第60章 看看看!司老大遇上麻煩了(1 / 1)
有人已經達到這個境界了?這個訊息若是被傳到江湖上,定會引起軒然大波。
司瑾邪確實被這話震得愣住,許寡婦也是狐疑的看向他,有些難以置信。
夢三生對他們此刻所表現出的狀況早有所料,他道:“我知先生失去摯愛之痛,更清楚長山藥對於先生的重要,這個讓世人難遇難求的東西能讓死人起死回生,也更讓活人長生不老,只是,若真要達到九九歸一的境界才能得到,是不是太久了些?”
司瑾邪明白他話中有話,便問道:“先生何意?”
夢三生放下手中的酒杯,眼神直勾勾的看進他的眼裡,道:“既然我們已經知道了有人達到了這樣的境界,為何不去找那人呢?”
“那先生為何不去?”
“去了,只是人家不見客。”
司瑾邪算是聽出來了,這傢伙明顯就是想去搶奪別人的成果。
怪不得,他要找一個合作伙伴,敢情是自己在那人那裡吃了閉門羹,才迫不得已將這個訊息透露給他的。
他問道:“那先生打算怎麼做?”
夢三生臉上露出志在必得之色,攤手道:“那就沒辦法了,既然他不見客,那我們也只好強行撬開那扇門了。”
司瑾邪點頭,不帶猶豫的應承下來,沒有反駁他的這個想法。
雖說這樣不厚道,可對於如今這個腥風血雨的江湖來說,哪還有什麼厚道的事啊,無恥些就無恥些吧,反正他司瑾邪也不是個注重名譽的人。
長山藥對他來說,太重要了,他畢生所求,無非就是這個東西了,為了這個東西,他與整個武林為敵,也和朝廷結下了樑子,每時每刻活在殺戮之中。
如今夢三生既然找到他,就說明這件事,已經有了一個突破口,尋找起來就容易多了。
夢三生道:“看來我們達成了寶貴的共識,既然司先生沒什麼意見,那用完膳之後,我們便出發吧。”
許寡婦這才低頭看向桌上的飯菜,之前她一直在聽他們兩人說話,根本無暇管理桌上的東西。當她把目光掃在這些肉食上時,才察覺到了一絲涼颼颼的氣息。
“這肉......”她看著菜,沒有動筷。
司瑾邪也看向菜盤中的食物,道:“沒毒,能吃!”
“自然是能吃的,司先生面前,我又能有什麼小動作瞞得過?”夢三生自己吃了一口,道:“再說,我們現在可是盟友,下毒這種事情就更不可能了,你說是吧,許夫人。”

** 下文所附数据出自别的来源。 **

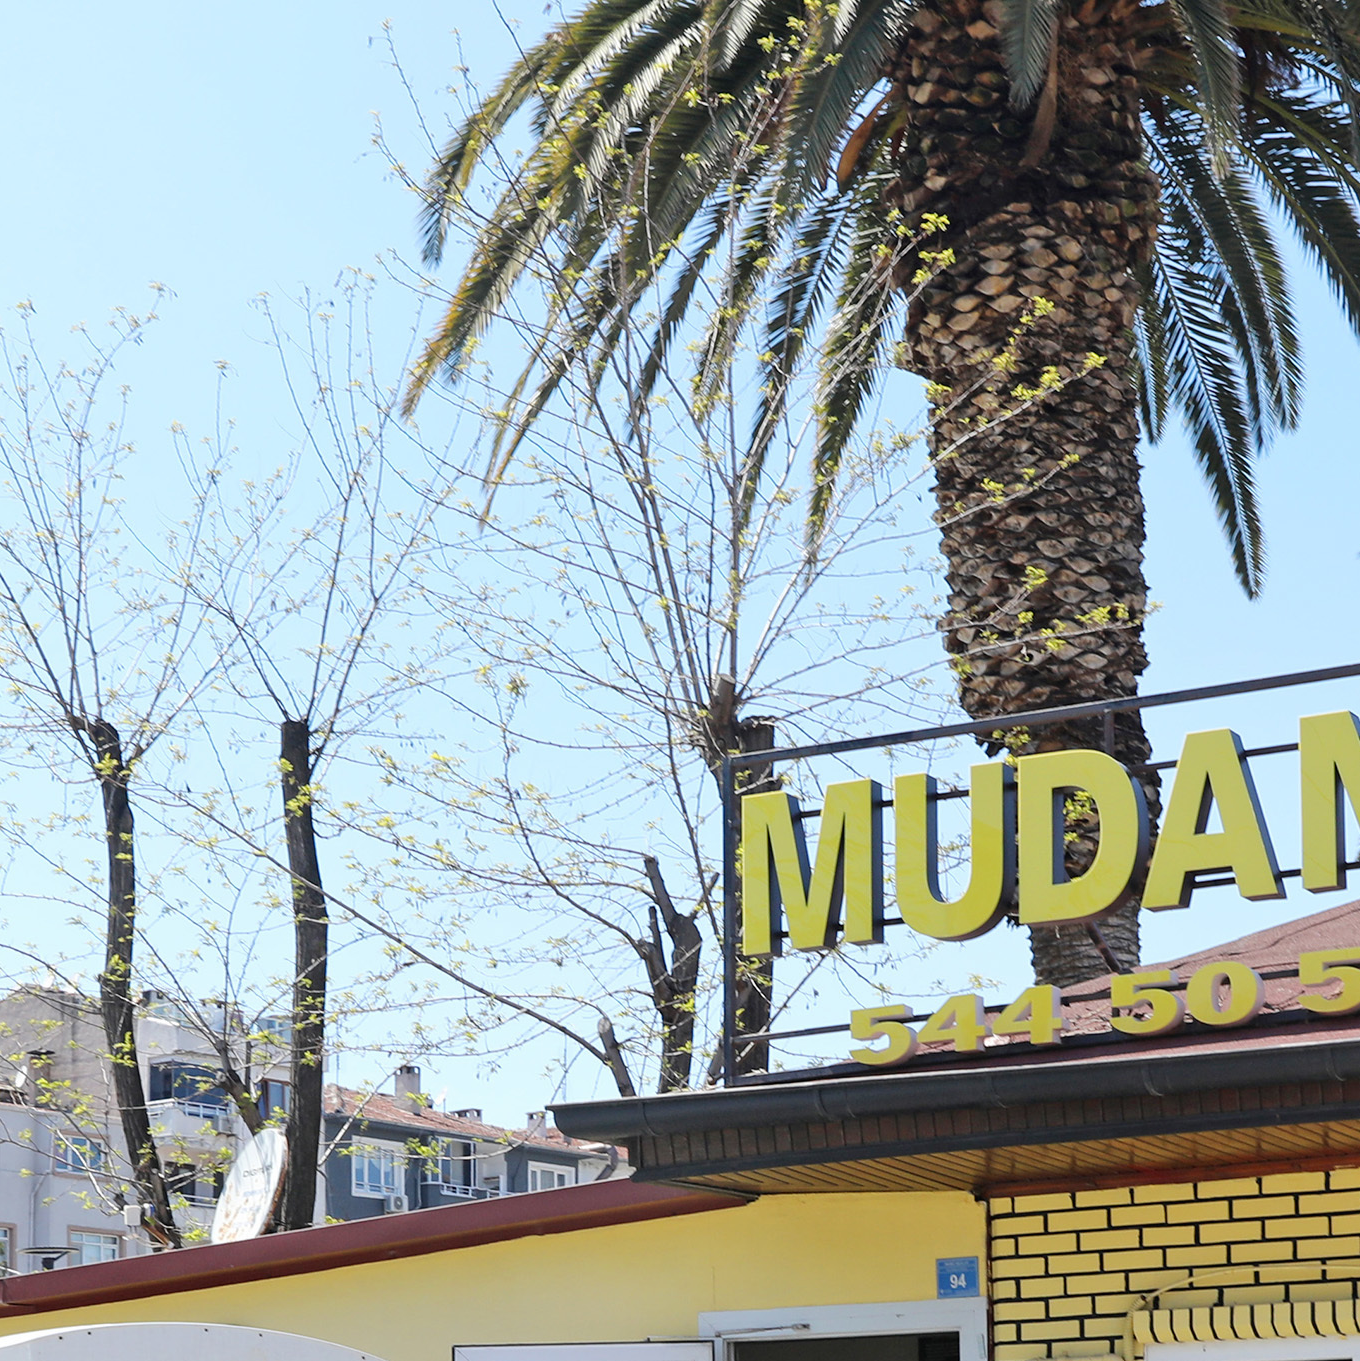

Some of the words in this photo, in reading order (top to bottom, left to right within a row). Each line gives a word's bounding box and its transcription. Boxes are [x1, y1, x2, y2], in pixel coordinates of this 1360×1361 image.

[849, 982, 1070, 1069] 544
[1108, 957, 1265, 1038] 50
[950, 1273, 967, 1289] 94

許寡婦還是沒有動筷,她道:“我不是擔心下毒,我只是覺得這肉有點奇怪。”
夢三生笑道:“有什麼奇怪的,這不就是正常的人肉麼?”
“人肉?”她這下可奇怪之處在哪裡了,怪不得這肉看著總覺得陰森森的,原來是人肉。
夢三生用最平淡的語氣解釋道:“之前兩位似乎說過,有些人愛亂嚼舌根子,舌頭就沒有繼續留著的必要,所以啊,我就把他們的舌頭割下來給你們做下酒菜了。”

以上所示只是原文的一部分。